Exercise description
A faithful transcript of all the lines below, with no pictures, is the goal here.

(Spatial localization data)
# # #
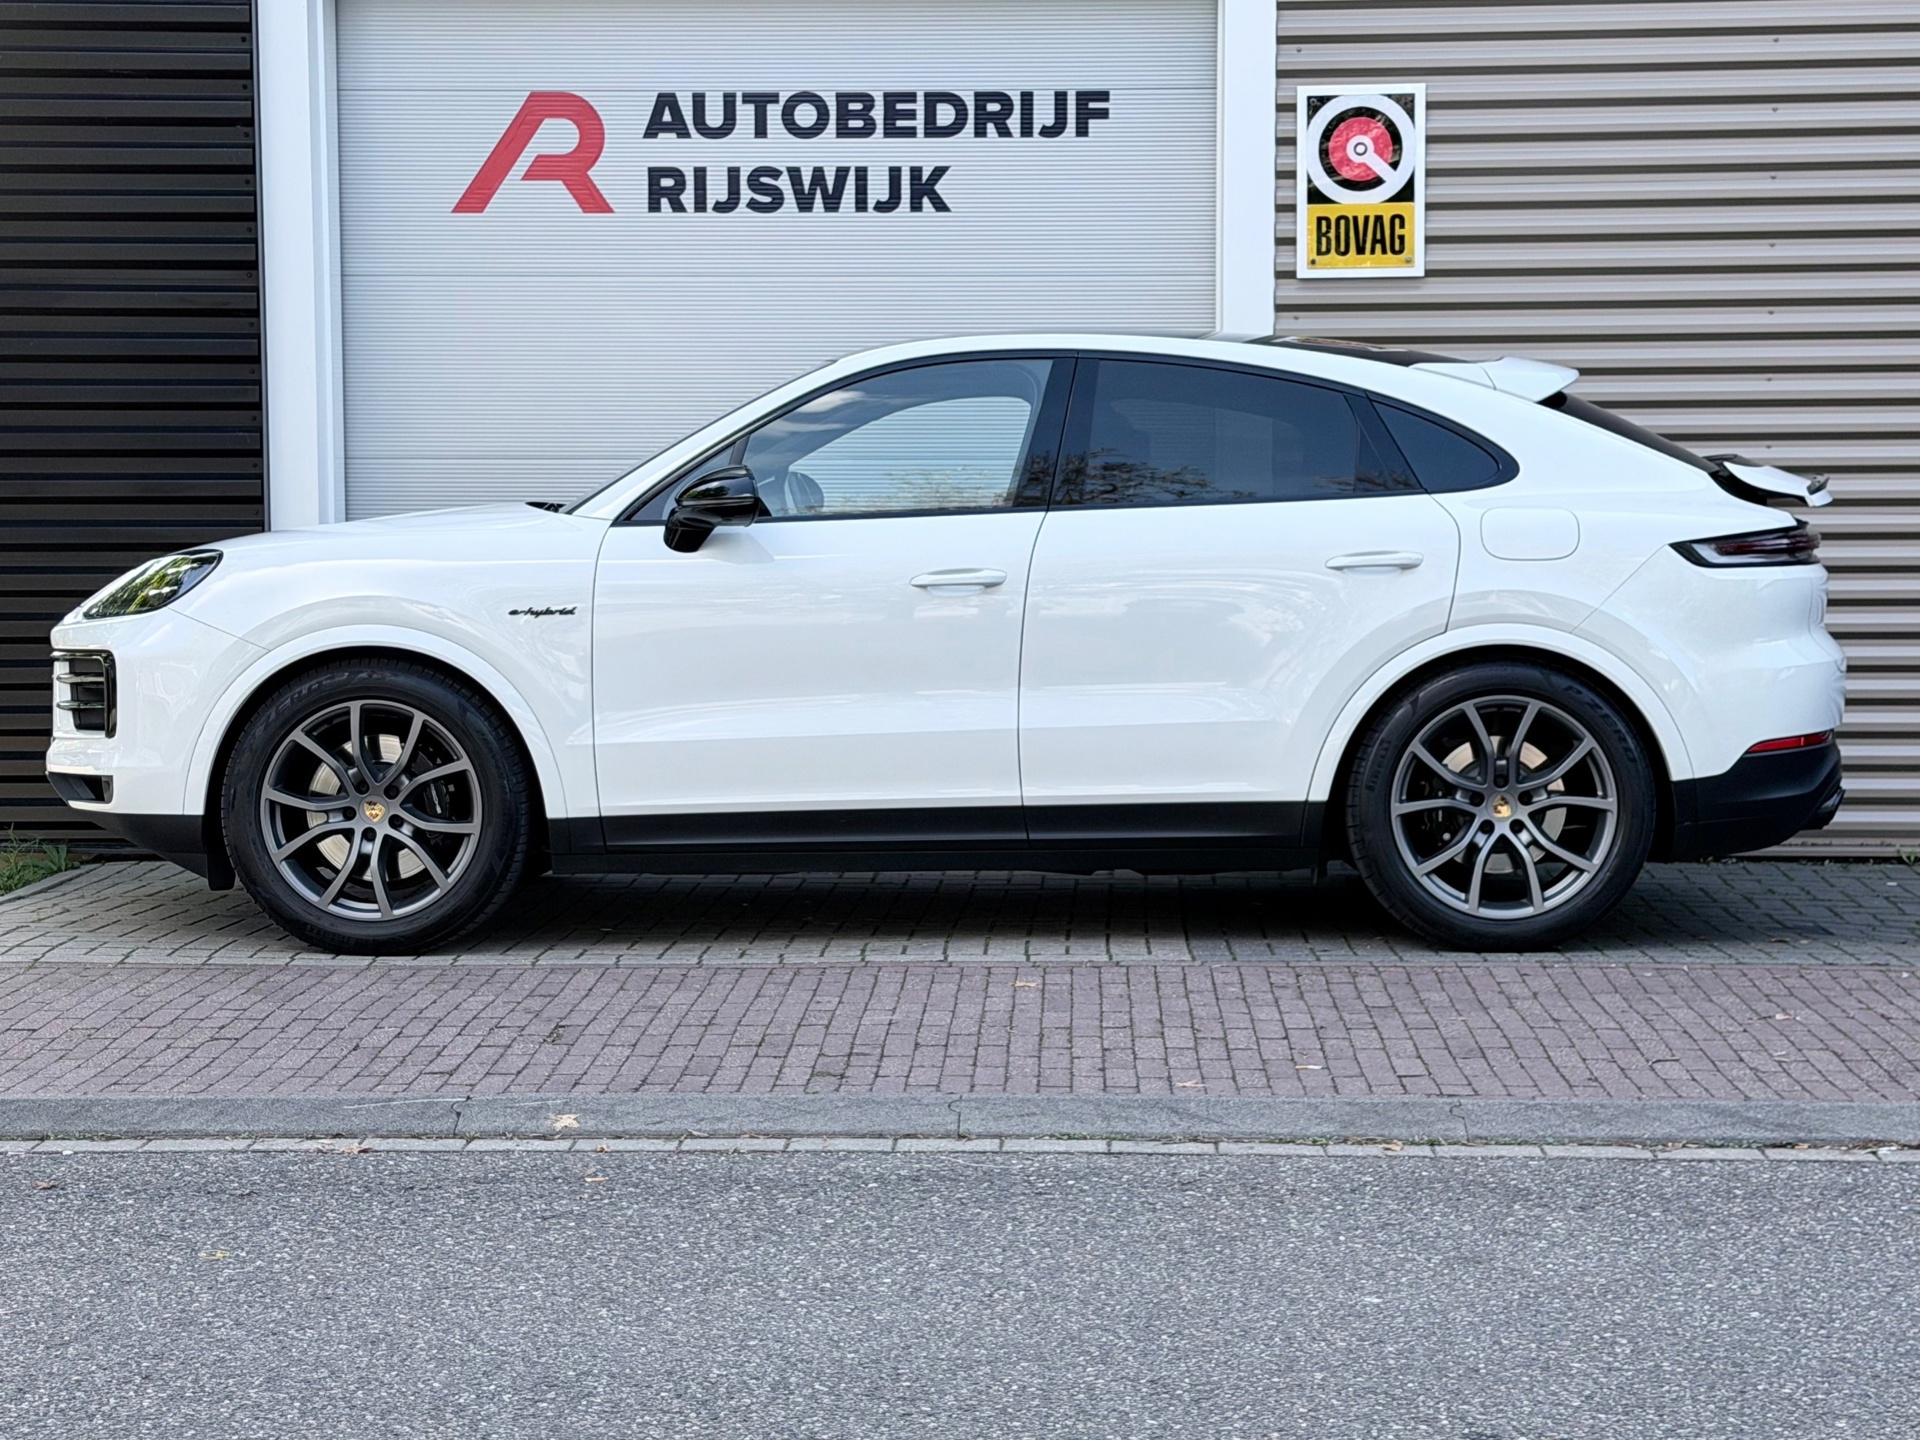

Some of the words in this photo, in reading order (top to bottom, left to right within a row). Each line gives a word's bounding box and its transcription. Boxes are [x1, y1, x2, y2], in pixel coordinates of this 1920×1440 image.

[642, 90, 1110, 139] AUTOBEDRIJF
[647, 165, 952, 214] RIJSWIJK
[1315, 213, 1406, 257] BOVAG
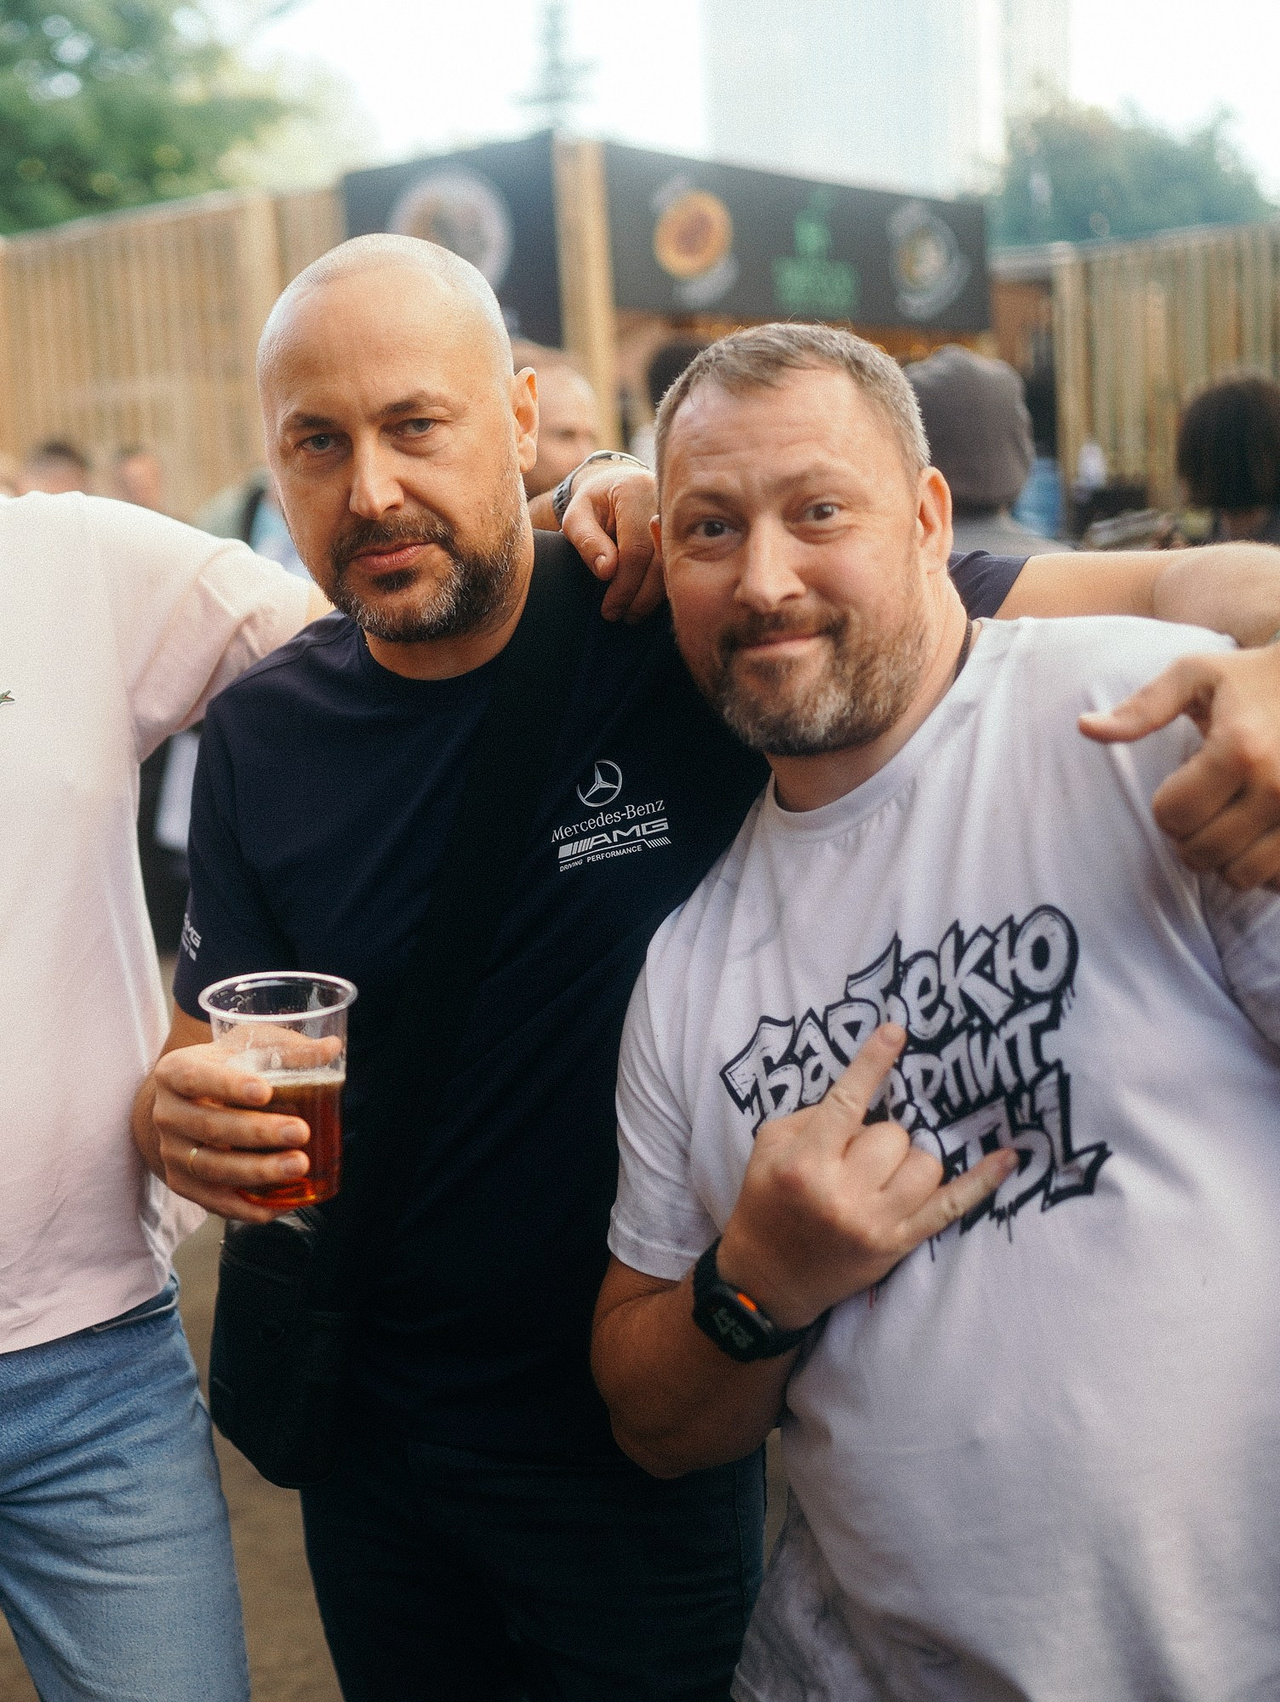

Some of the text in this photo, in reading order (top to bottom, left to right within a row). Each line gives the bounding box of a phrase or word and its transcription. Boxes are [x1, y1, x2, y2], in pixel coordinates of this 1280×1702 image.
# # #
Completed task
Some of the words in this photo, in reading order (top to bottom, left to right within a row). Each line gives a word's bounding box and its transcription. Boxes are [x1, y1, x2, y2], in pixel coordinates of this 1920×1440 image.

[642, 90, 1110, 139] AUTOBEDRIJF
[647, 165, 952, 214] RIJSWIJK
[1315, 213, 1406, 257] BOVAG

Some of the text in this photo, in reading order (top to bottom, left to right within a row). Each line gives the bounding box of a phrase or word and its transcription. Boxes are [x1, y1, x2, y2], in pixel coordinates of this 1280×1702 image.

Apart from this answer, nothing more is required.